PEACE TOPICS

『平和新聞ながさき版』不定期掲載

【2010年11月15日】

シリーズ佐世保基地はいま7

海兵隊化する佐世保の陸上自衛隊


▲アーケード内を行進する西部方面普通科連隊の隊員

 陸上自衛隊相浦駐屯地――「普天間代替基地」で米海兵隊の移設先候補としてあげられました。海岸に面した陸自駐屯地は全国に例を見ないものです。

●西部方面普通科連隊の創設

 02年3月、ここに、西部方面普通科連隊(定員660名)が創設されました。わが国最初の「有事即応部隊」で、離島防衛を名目にしています。しかし、(1)「生存型自立訓練」、(2)陣地を確保して本隊を待つという任務、(3)どの部隊とも合流するなど、“海兵隊”的性格をもつ陸上自衛隊の特殊部隊です。
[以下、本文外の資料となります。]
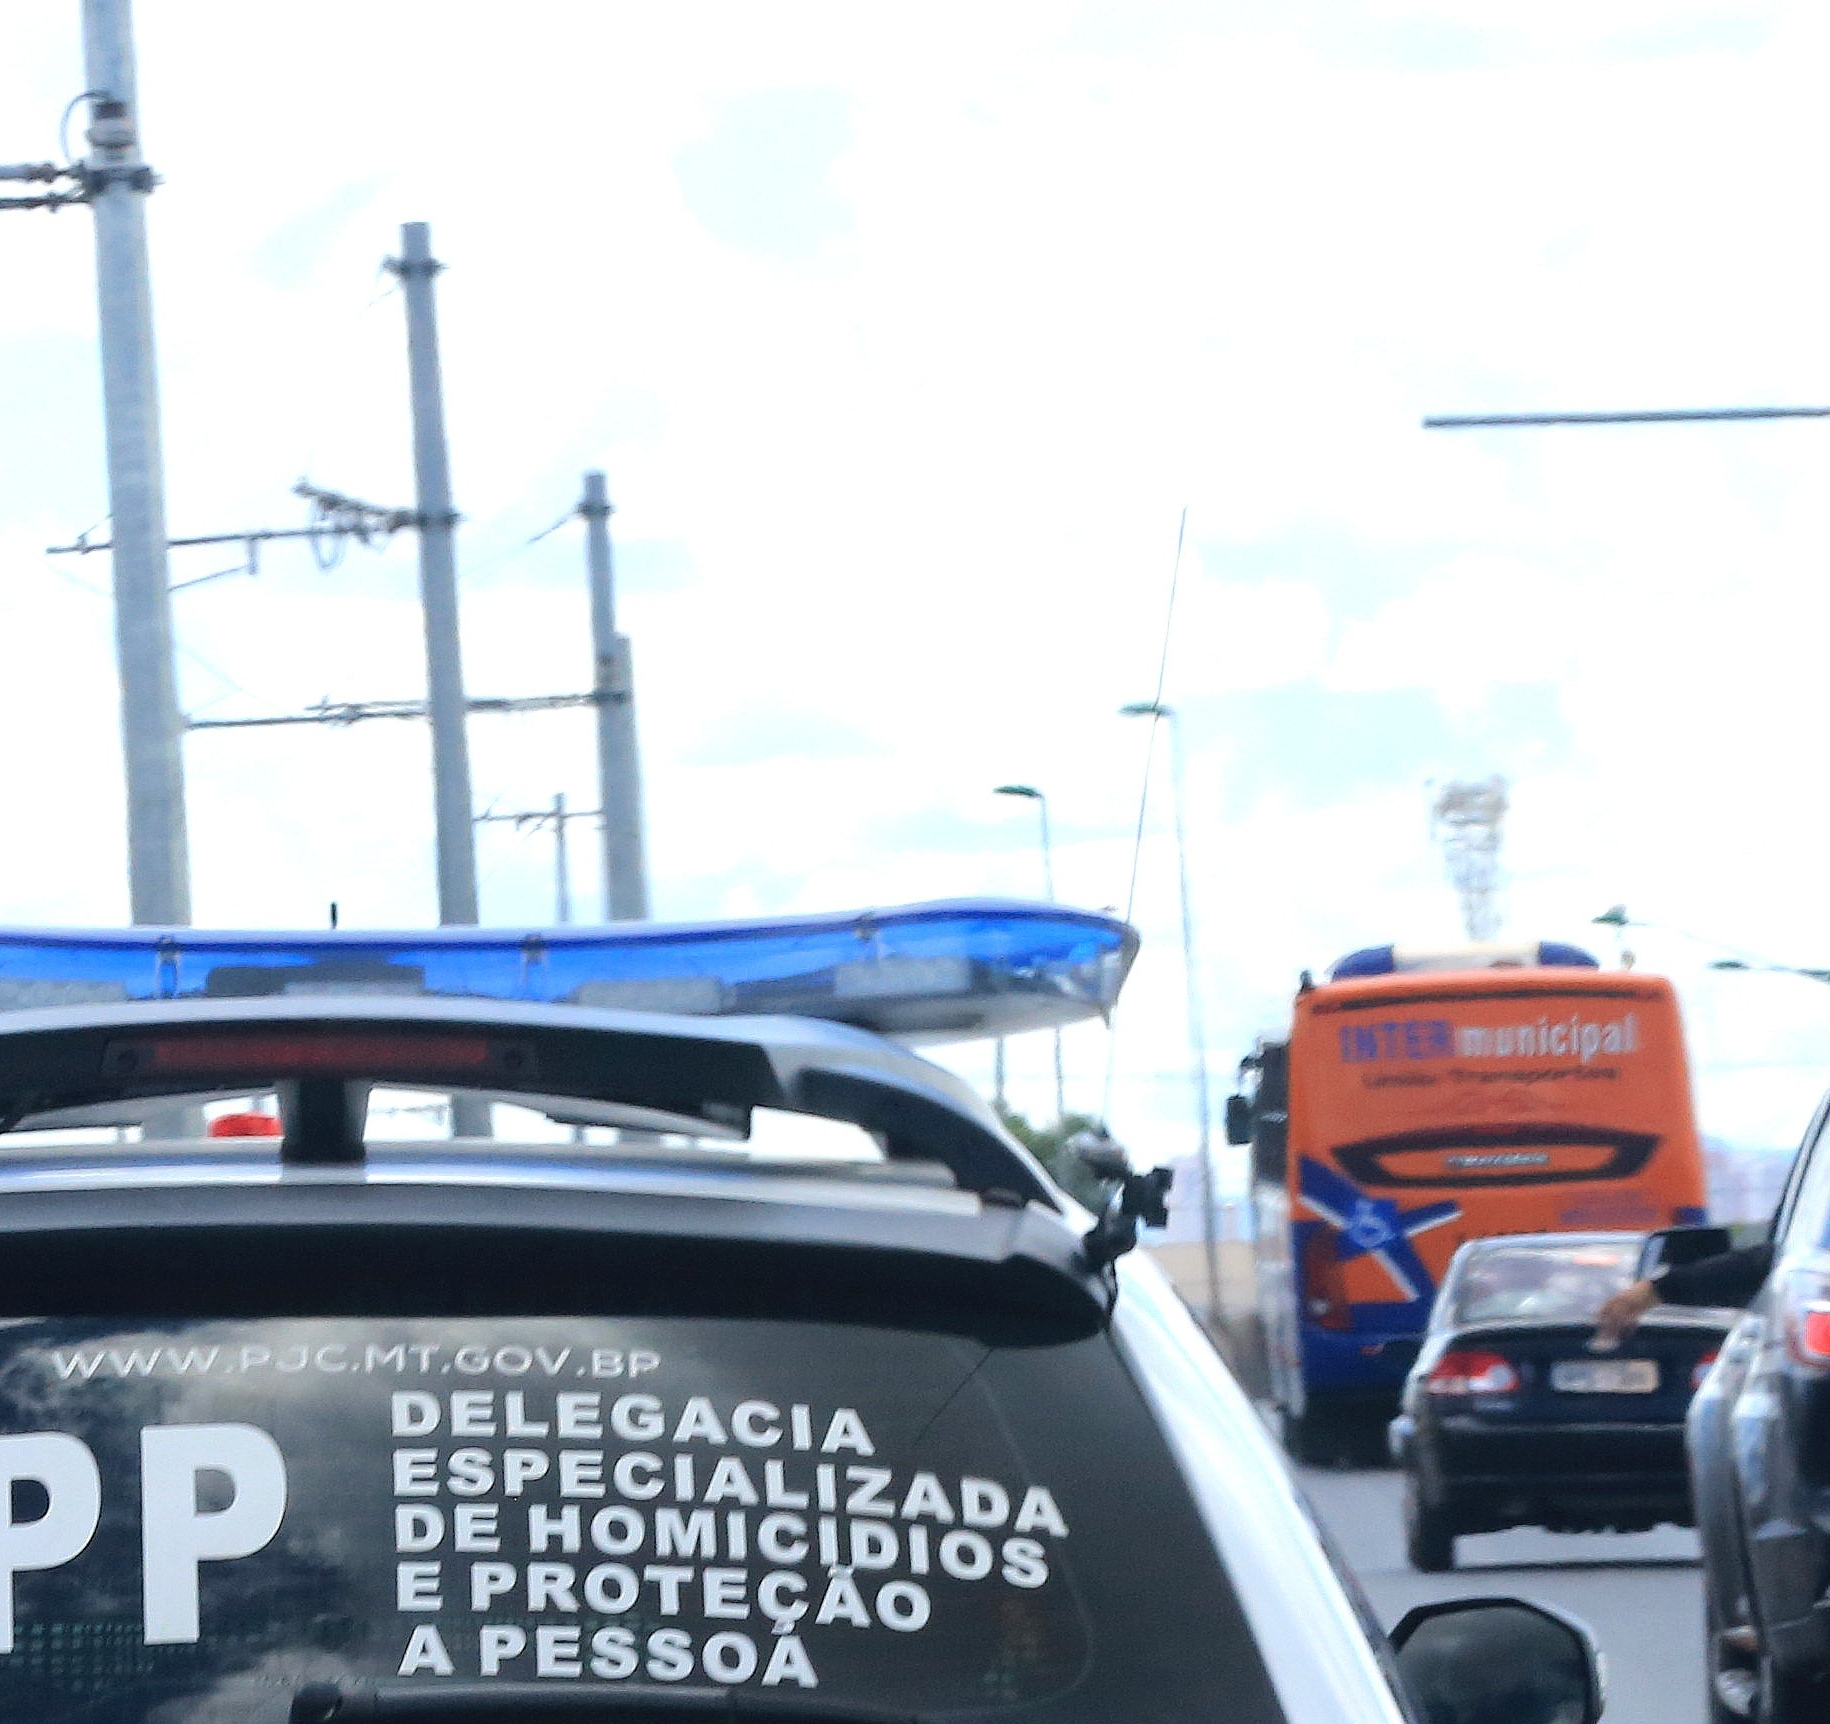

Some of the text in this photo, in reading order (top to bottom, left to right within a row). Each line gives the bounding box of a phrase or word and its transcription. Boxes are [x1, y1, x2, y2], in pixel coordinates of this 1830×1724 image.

[390, 1389, 875, 1456] DELEGACIA
[391, 1447, 1069, 1538] ESPECIALIZADA
[394, 1502, 501, 1554] DE
[396, 1560, 932, 1636] E PROTEÇÃO
[397, 1624, 456, 1677] A
 創設4ヶ月で3人の自殺者を出すなどその過酷な訓練内容が問われ、国会議員の調査も入ったことがあります。

●「尖閣列島有事」も想定

 06年11月、空母キティホークの佐世保寄港後に日米共同演習が行われました。この中で、同部隊は、佐世保基地から海自輸送艦に乗り、硫黄島周辺で「尖閣列島有事」を想定した訓練を展開しました。
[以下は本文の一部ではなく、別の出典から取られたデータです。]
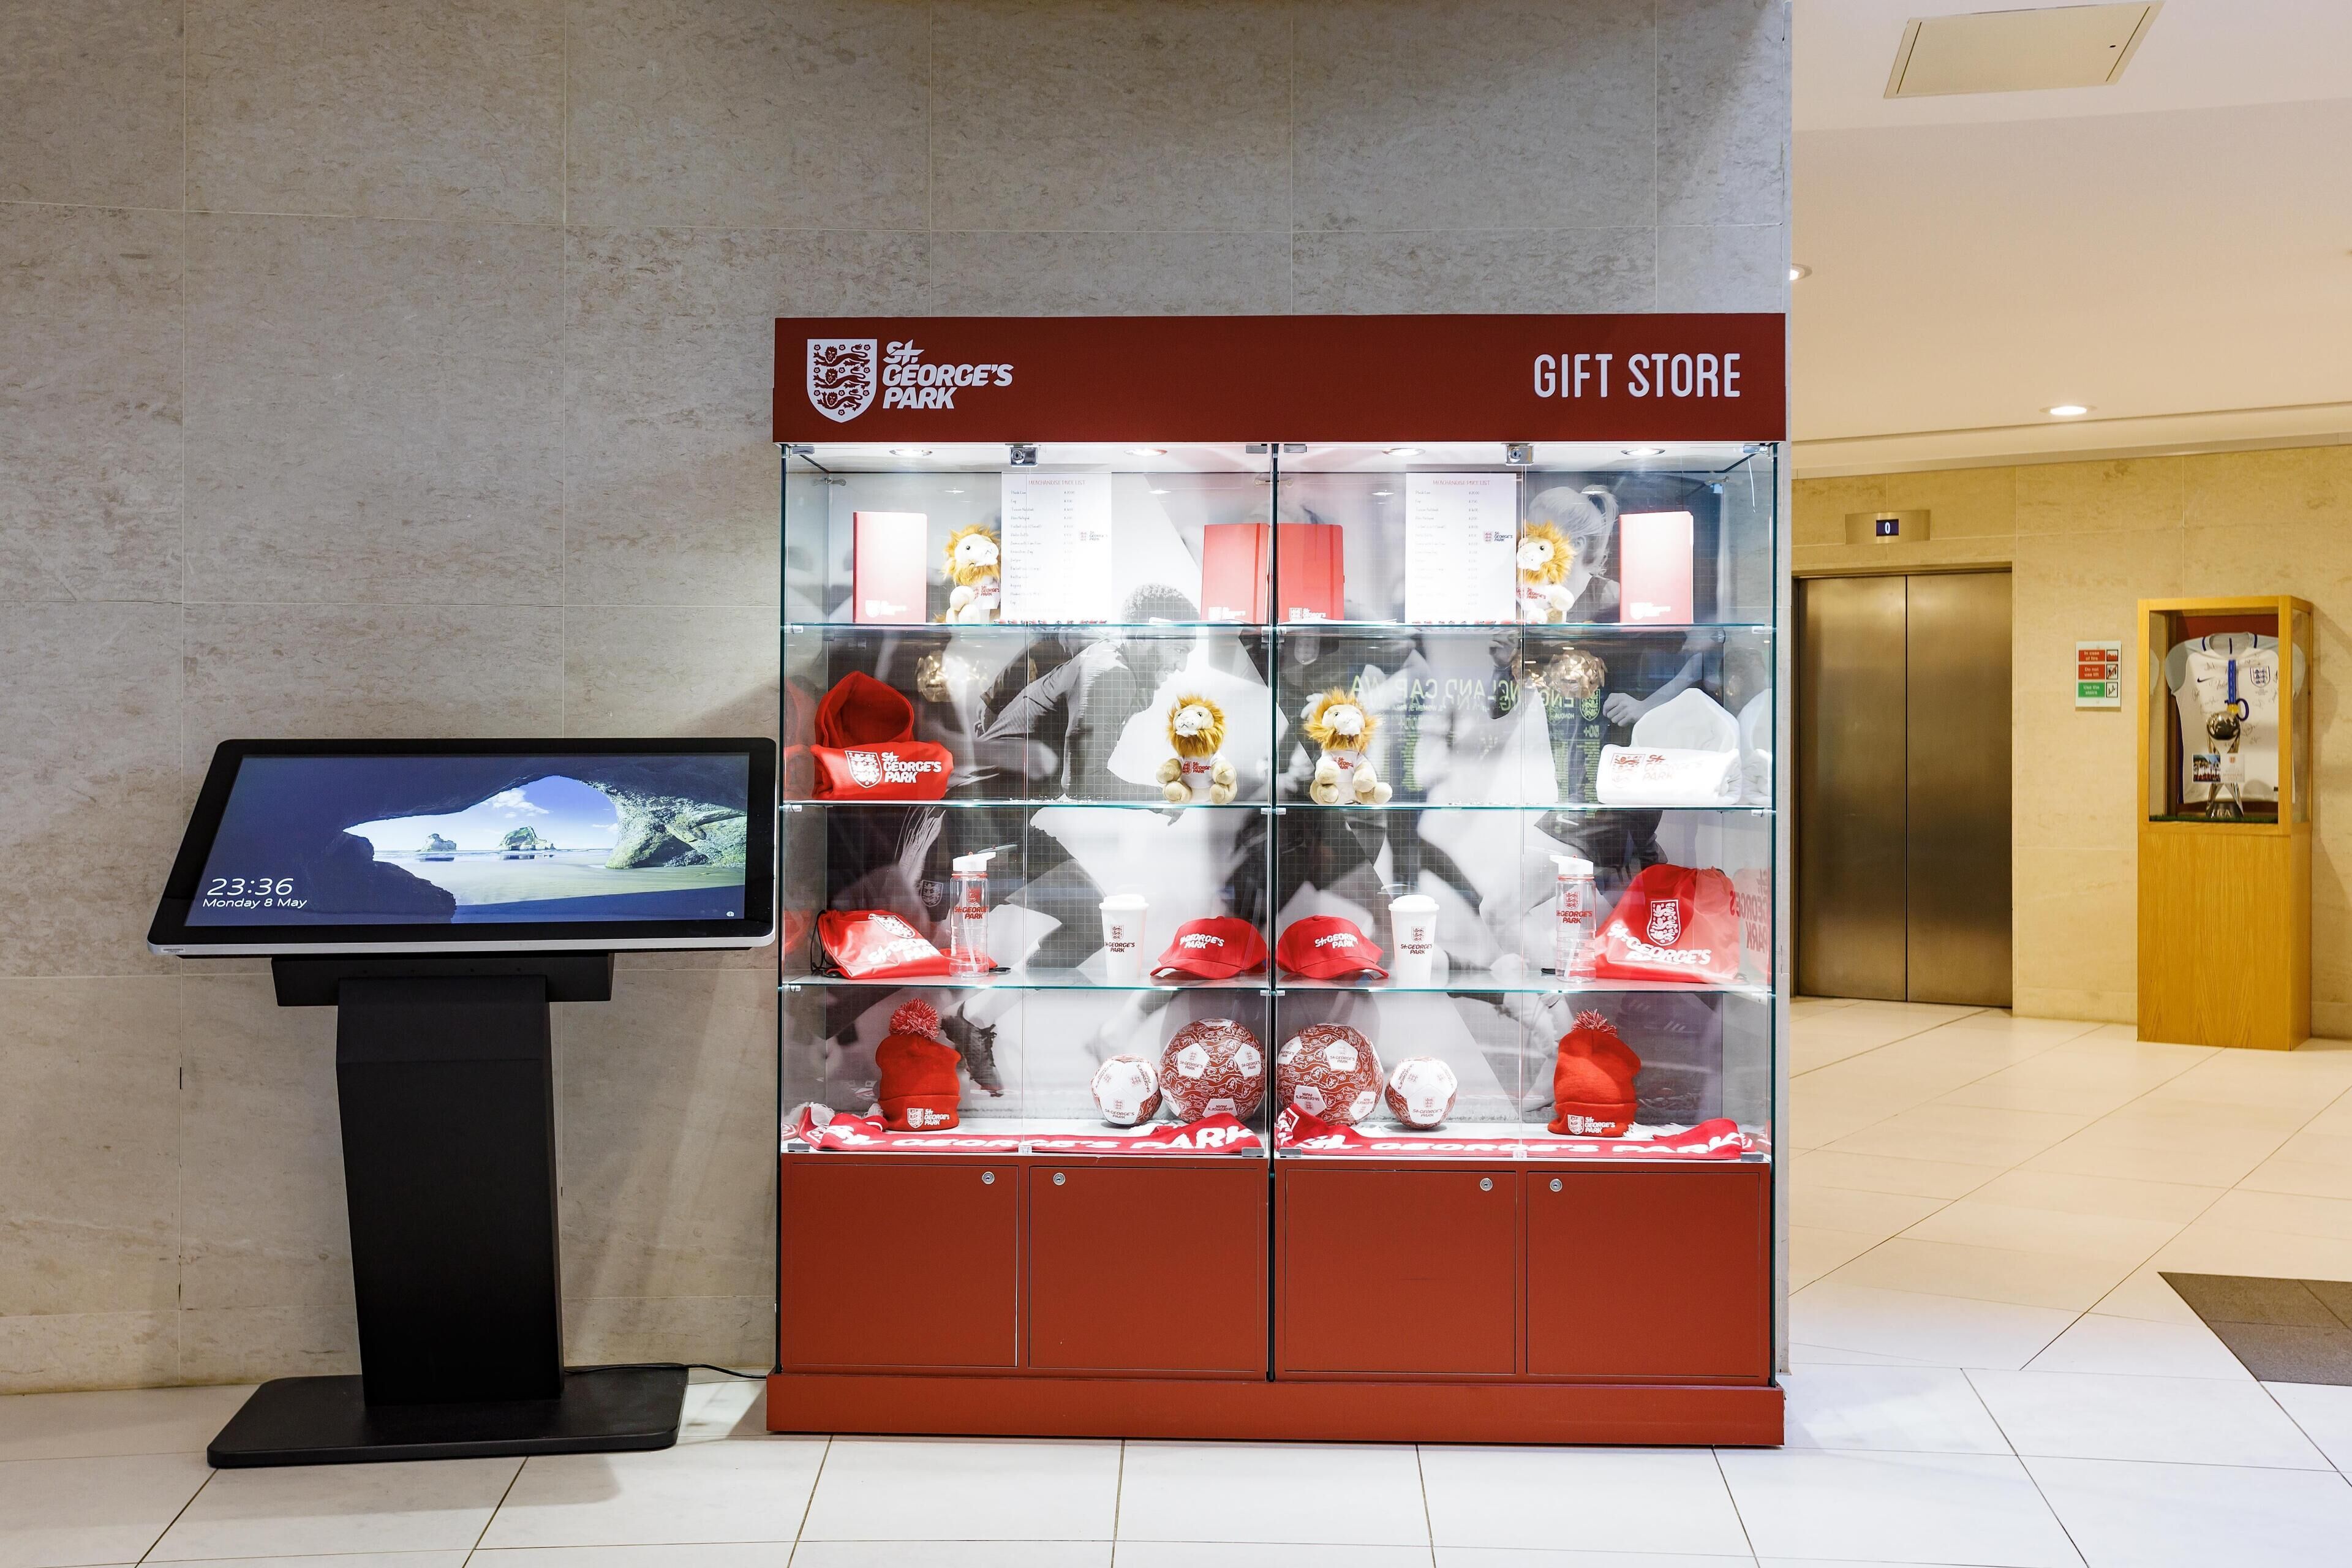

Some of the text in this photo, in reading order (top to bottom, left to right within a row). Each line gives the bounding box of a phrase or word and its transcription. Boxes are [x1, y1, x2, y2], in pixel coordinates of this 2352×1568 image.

[883, 364, 1014, 386] GEORGE'S
[1534, 353, 1741, 398] GIFT STORE
[883, 386, 957, 409] PARK
[1885, 522, 1890, 534] 0
[883, 761, 942, 772] GEORGE'S
[884, 772, 918, 783] PARK
[207, 878, 294, 895] 23:36
[203, 898, 307, 909] Monday 8 May
[1626, 937, 1712, 965] GEORGE'S
 また10年度予算には初めて同部隊を中心とする離島対処の実動演習として約3億円が計上されました。沖縄周辺の離島に外国軍やテロ組織が侵攻したという、あり得ない想定での演習です。

●米海兵隊から直接手ほどき

 06年から同部隊は毎年、米海兵隊基地で約3週間にわたる共同訓練を行い、米海兵隊から直接、強襲上陸の手ほどきをうけています。

 それは銃を持ったまま遠泳したり、足ひれをつけた偵察泳法を学んだりゴムボートを操ったりするものです。さらに米揚陸艦に乗船し、LCACなどの上陸艇を使って夜間強襲上陸を行っています。この訓練コースの内容は海兵隊が西太平洋に配備される前に受ける12週間の訓練を縮小したものといいます。そもそも海兵隊的性格を持つ陸自特殊部隊にまさに海兵隊の能力を身に付けさせる訓練です。

 一方、第12普通科連隊(鹿児島)、第1混成団(沖縄)の部隊も渡米訓練に加わるようになりました。防衛省はこれらの部隊の「海兵隊化」を計画しています。

●武装パレードが恒常化

 西部方面普通科連隊は創設後すぐに軍事パレードを始めました。03年には「市民に自衛隊の真の姿を見てもらいたい」と佐世保で初めての武装パレードを強行。以来、毎年行われています。大量動員された警察に警備され、アーケード内を長さ1mもの「小銃」をかかえて行進する姿は戦前に逆戻りしたかのようです。


【2010年10月15日】

シリーズ佐世保基地はいま6

有事使用のための港湾調査の拠点


▲立神係船池に接岸された4隻の掃海艦

 昨年12月、米海軍佐世保基地を拠点として西太平洋で軍事活動を展開していた2隻の掃海艦「アヴェンジャー」と「ディフェンダー」が正式に佐世保配備となりました。これによって佐世保基地の掃海艦は計4隻と、過去最大数になっています。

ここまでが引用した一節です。